Passarella was born in Chacabuco, Buenos Aires. He started his career at Sarmiento of Junín, Buenos Aires, in 1971. He played there until 1973, when he joined River Plate. Playing for Los Millonarios, he was constantly starting to be called up to the Argentina national team.

After his good performances at the 1982 World Cup, he joined Serie A side Fiorentina in the summer of 1982. At the Italian club, he scored 11 goals during the 1985–86 season, a record for a defender at the time, although the goal tally was surpassed by Marco Materazzi in the 2000–01 season.

In 1986, he joined Internazionale, where he ended his Italian playing career in 1988. After his successful spell in the Serie A, he returned to River Plate, where he played until his retirement.

He was called "El Gran Capitán" ('the Great Captain', the nickname of the Argentinian independence hero, José de San Martín),"El Kaiser" (an allusion to German defender Franz Beckenbauer) or "El Caudillo" ('the Chief') because of his leadership ability, his passion, and his organisational prowess on the field.

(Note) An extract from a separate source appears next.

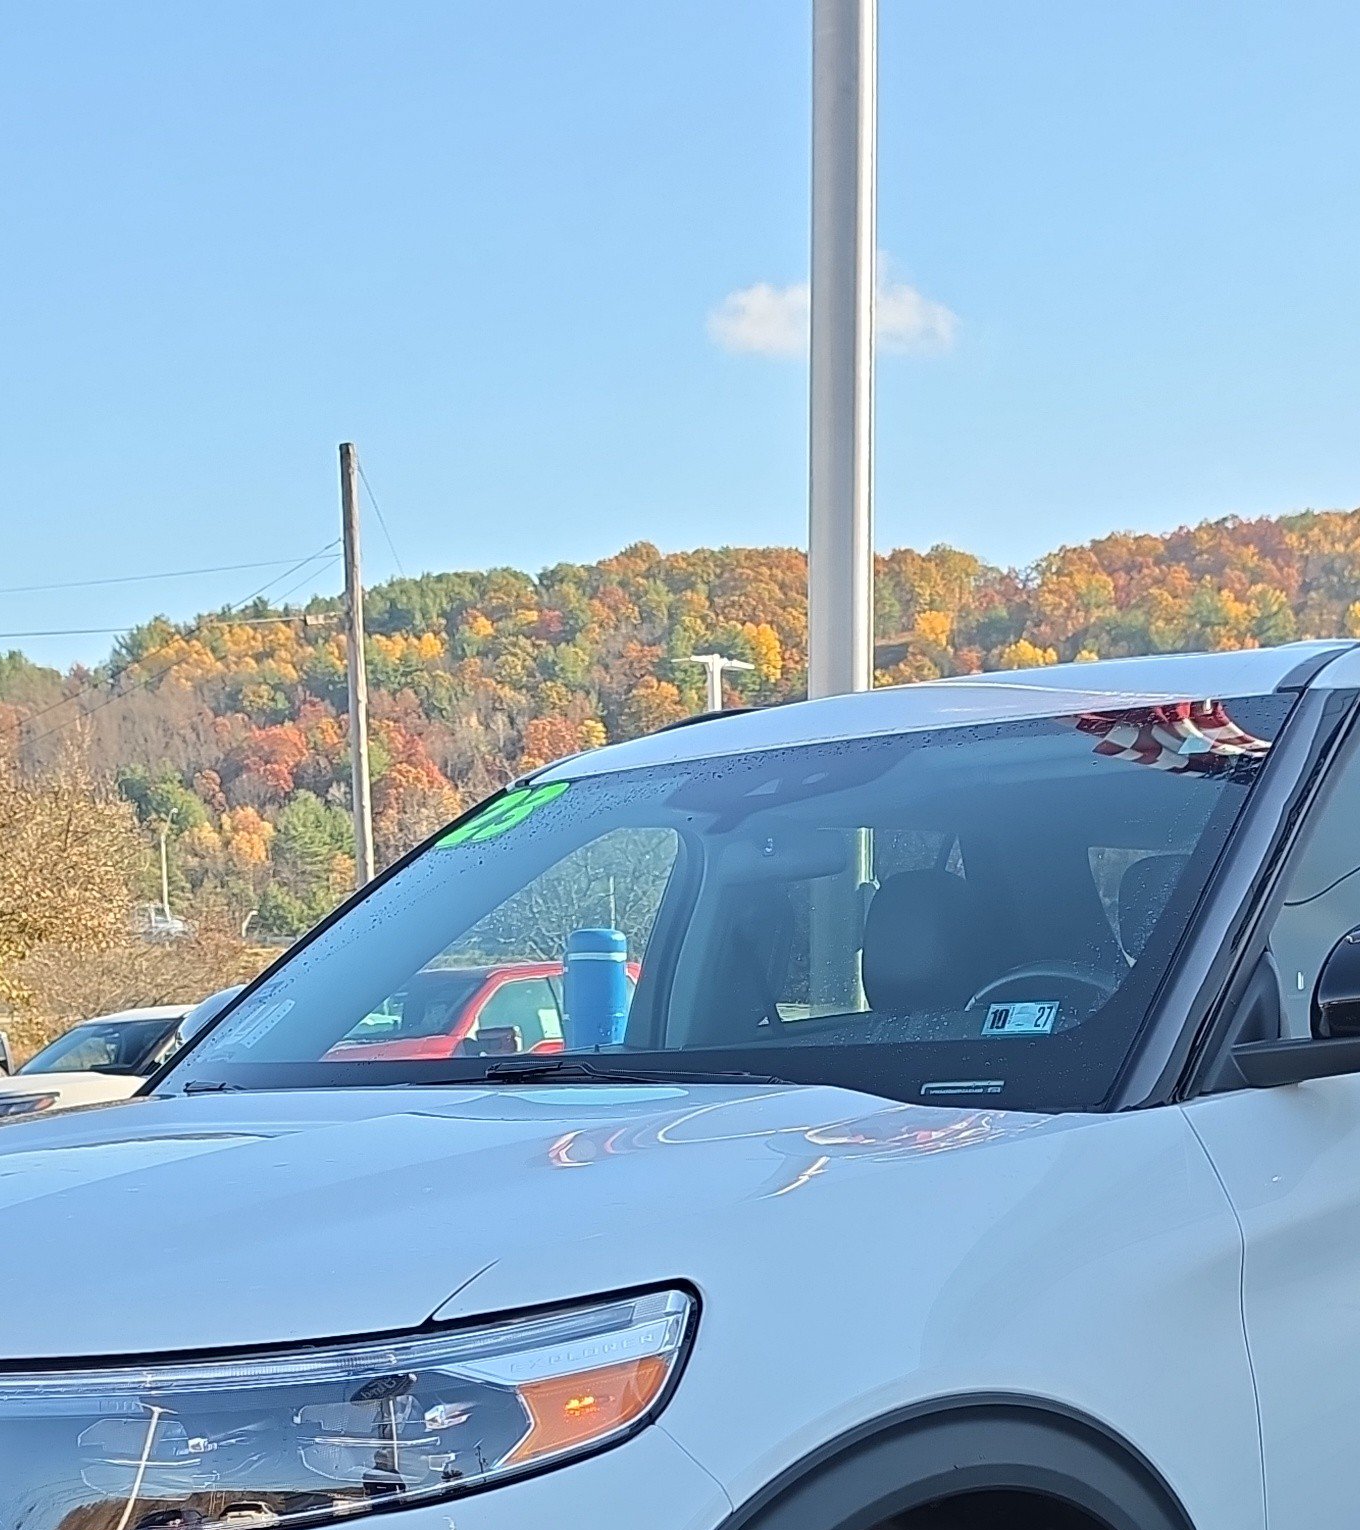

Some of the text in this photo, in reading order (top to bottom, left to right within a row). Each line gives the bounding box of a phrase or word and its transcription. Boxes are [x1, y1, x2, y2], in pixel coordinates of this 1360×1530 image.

[990, 1008, 1010, 1030] 10
[1034, 1006, 1054, 1028] 27
[510, 1334, 655, 1373] EXPLORER

He was a defender who often joined the attack, and helped generate and finish offensive plays. He was the all-time highest-scoring defender, with 134 goals in 451 matches, a record that was later broken by Dutch player Ronald Koeman.

His aerial game was effective both defensively and in attack. Despite his average height of 1.73 m, he frequently scored headers. He was also a noted free-kick and penalty specialist. Furthermore, he was known for using elbows against rivals whilst managing to avoid the referee's gaze.

== International career ==
As one of the pillars of the Argentina national football team, he would captain the team during the 1978 World Cup held in Argentina. He was the first Argentine player to hold the World Cup, as it was handed to him first when Argentina won the final.

During the qualifying rounds of the 1986 World Cup, Passarella contributed to the goal which ensured Argentina's qualification in the final minutes of their match against Peru by allowing teammate Ricardo Gareca to score.

A bout of enterocolitis caused him to miss the 1986 World Cup in Mexico. He was replaced in the first team by defender José Luis Brown and failed to regain his place after recovering from illness. Passarella had a fractious relationship with captain Diego Maradona and coach Carlos Bilardo during the tournament. He later claimed Bilardo and Maradona made certain that he was sidelined; although he is the first and so far only player to feature in two Argentina World Cup–winning squads, he did not play any of the matches in 1986, not even as a substitute.

== Player profile ==
=== Style of play ===
Despite playing as a centre-back, normally operating in the sweeper or libero role, Passarella was also a prolific goalscorer, and was known for his ability to push forward and contribute to his team's attacking plays. Despite his small stature (1.73m), he was also known to be good in the air, which made him a goal threat on indirect set pieces, with many of his goals coming from headers; he was also known for scoring decisive goals in important games throughout his career, and was also an accurate direct free kick and penalty kick taker.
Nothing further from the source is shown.